### Problem to solve
Set the records down again, exactly, without their images.

### Exercise materials

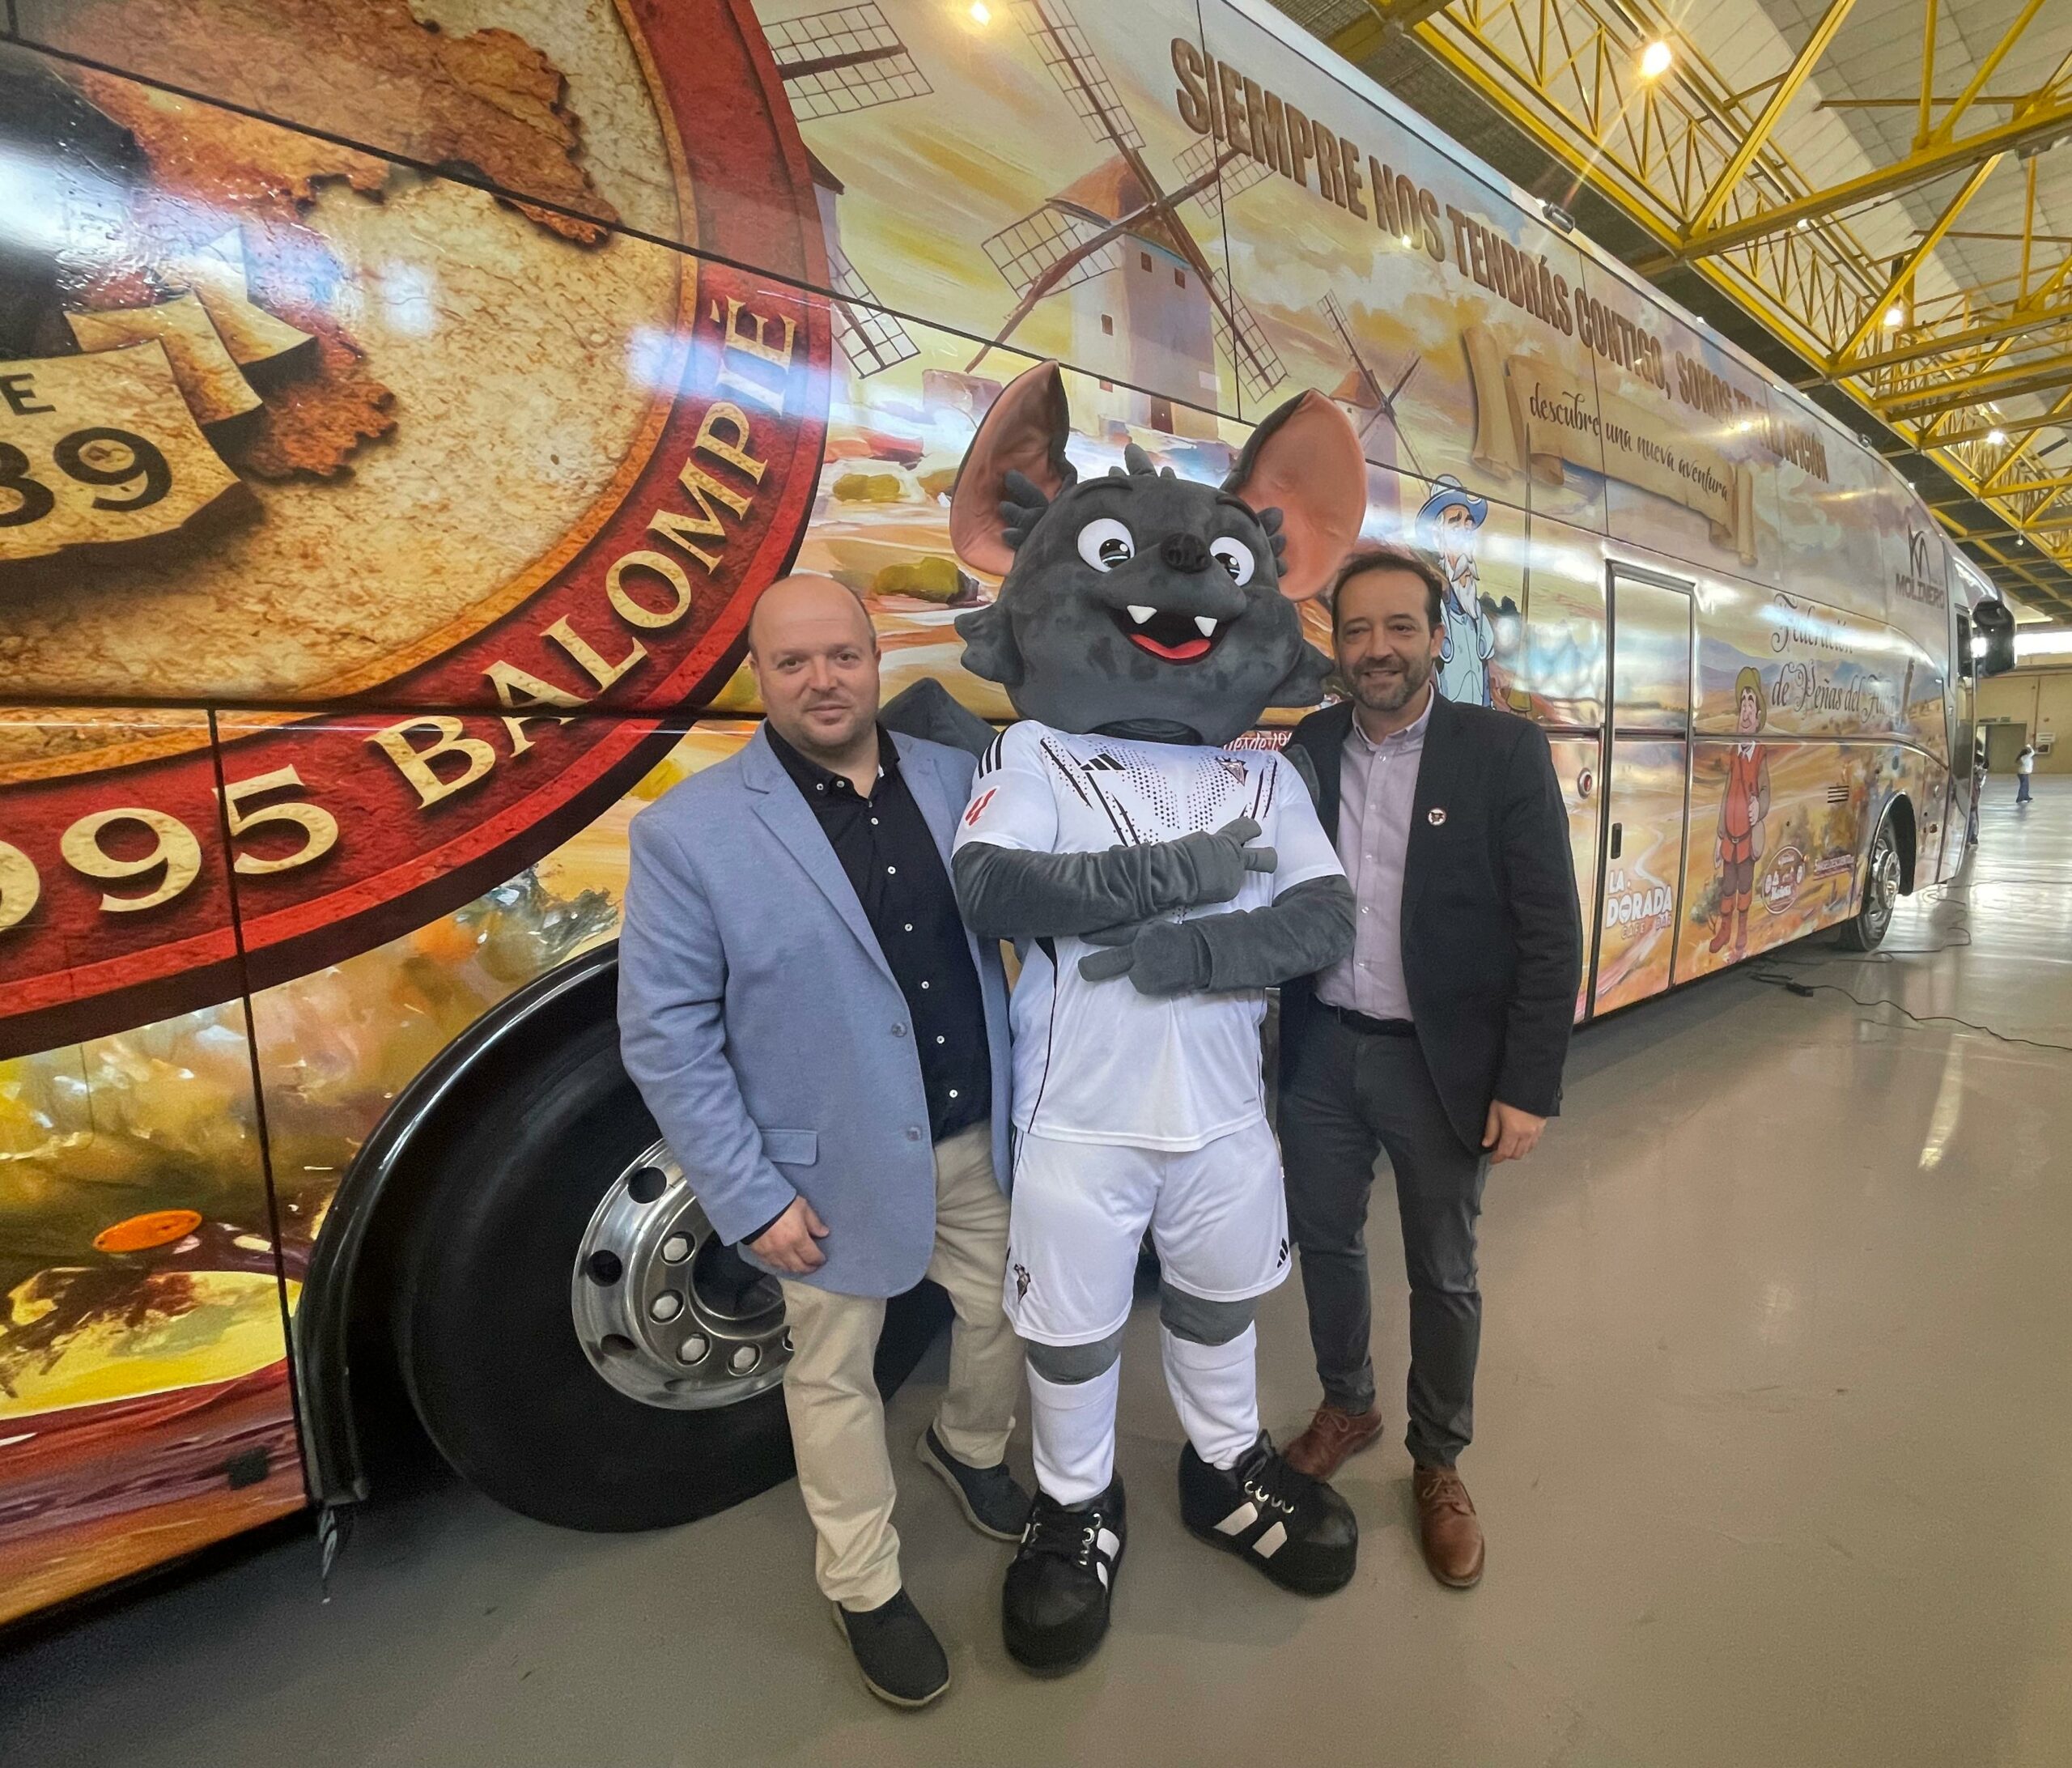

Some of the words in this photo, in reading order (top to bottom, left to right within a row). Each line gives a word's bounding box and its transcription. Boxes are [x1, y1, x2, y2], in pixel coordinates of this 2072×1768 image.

[1170, 37, 1368, 221] SIEMPRE
[1369, 155, 1446, 262] NOS
[1446, 203, 1573, 337] TENDRÁS
[1574, 287, 1671, 400] CONTIGO,
[1675, 350, 1734, 430] SOMOS
[0, 372, 56, 416] E
[1530, 382, 1601, 436] descubre
[1605, 422, 1633, 453] una
[1637, 436, 1675, 471] nueva
[1678, 459, 1728, 502] aventura
[364, 295, 796, 810] BALOMPIÉ
[1772, 661, 1794, 706] de
[1789, 659, 1841, 712] Peñas
[1844, 675, 1866, 712] del
[0, 763, 339, 933] 95
[1609, 869, 1625, 895] LA
[1606, 885, 1673, 929] DORADA
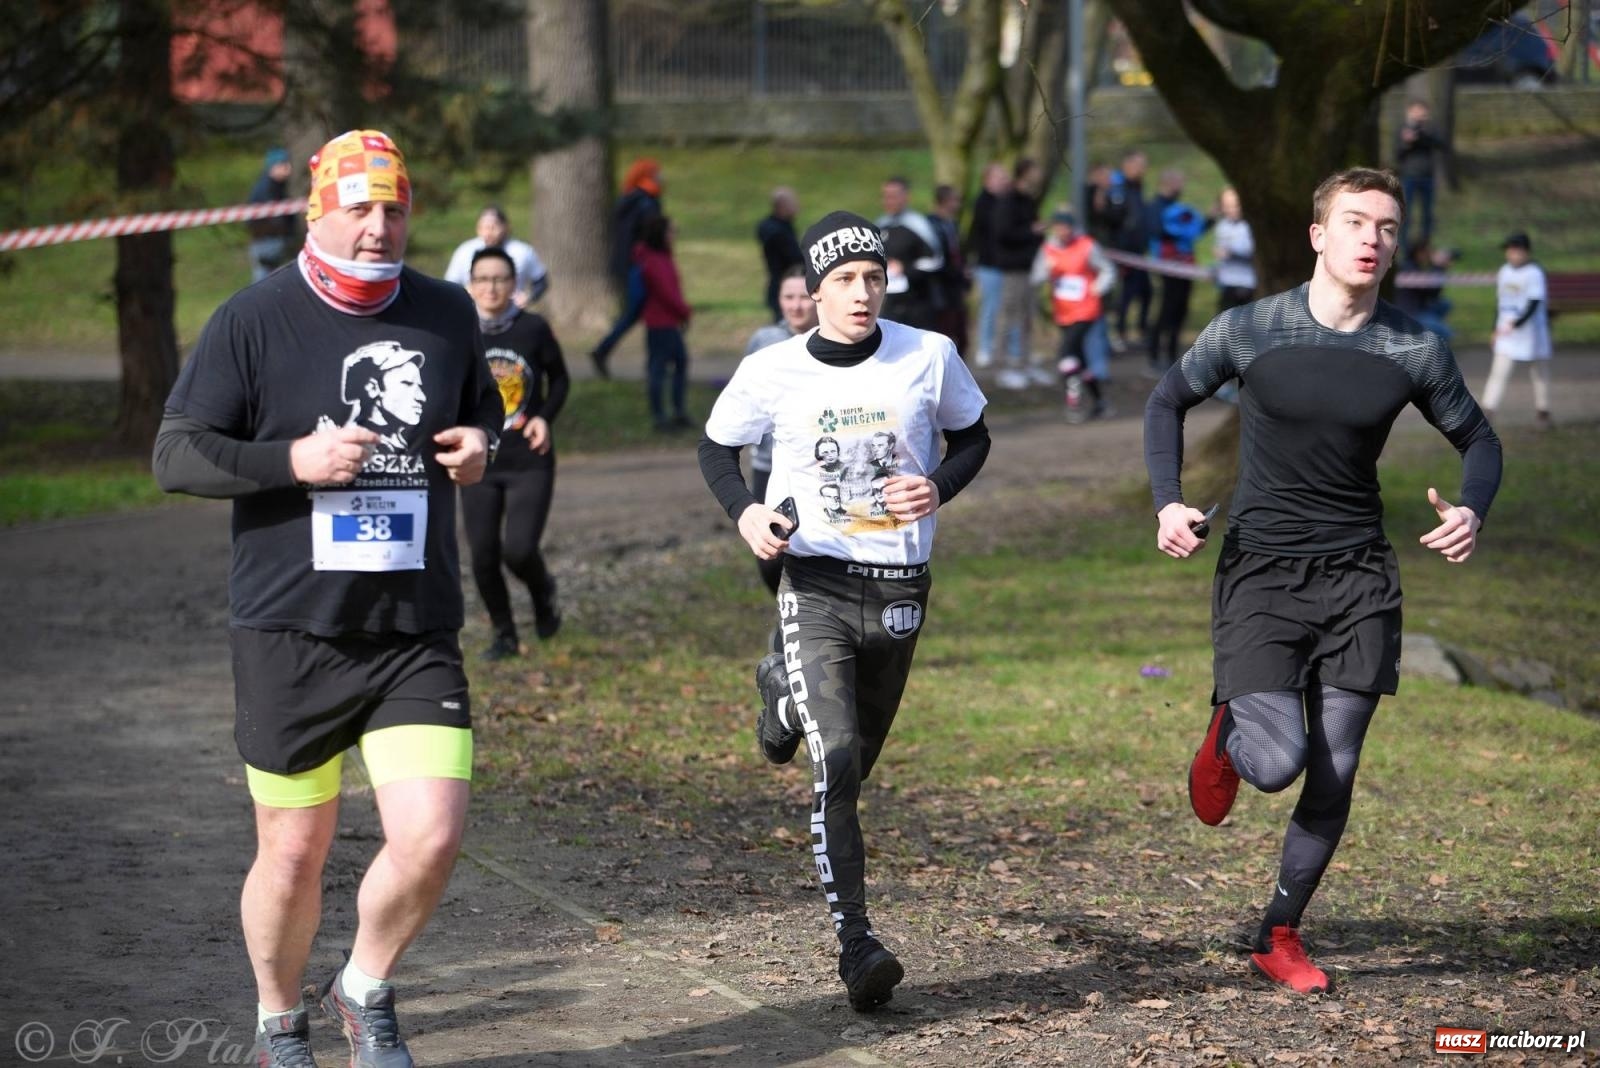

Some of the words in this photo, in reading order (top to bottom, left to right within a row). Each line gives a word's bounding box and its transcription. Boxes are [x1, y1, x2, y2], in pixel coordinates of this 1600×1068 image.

[813, 244, 845, 275] WEST
[841, 411, 886, 426] WILCZYM
[356, 515, 392, 541] 38

### Finished exercise
Some of the words in this photo, in reading order (top to bottom, left to right within a row). Each line gives a word's bounding box and its transcription. Boxes are [x1, y1, x2, y2], in pixel coordinates of this 2072×1768 image.

[1170, 37, 1368, 221] SIEMPRE
[1369, 155, 1446, 262] NOS
[1446, 203, 1573, 337] TENDRÁS
[1574, 287, 1671, 400] CONTIGO,
[1675, 350, 1734, 430] SOMOS
[0, 372, 56, 416] E
[1530, 382, 1601, 436] descubre
[1605, 422, 1633, 453] una
[1637, 436, 1675, 471] nueva
[1678, 459, 1728, 502] aventura
[364, 295, 796, 810] BALOMPIÉ
[1772, 661, 1794, 706] de
[1789, 659, 1841, 712] Peñas
[1844, 675, 1866, 712] del
[0, 763, 339, 933] 95
[1609, 869, 1625, 895] LA
[1606, 885, 1673, 929] DORADA

Some of the words in this photo, in reading order (top to bottom, left to right within a row). Each line gives a word's bounding box and its transcription. Boxes are [x1, y1, x2, y2], in pixel coordinates of this 1600×1068 image.

[813, 244, 845, 275] WEST
[841, 411, 886, 426] WILCZYM
[356, 515, 392, 541] 38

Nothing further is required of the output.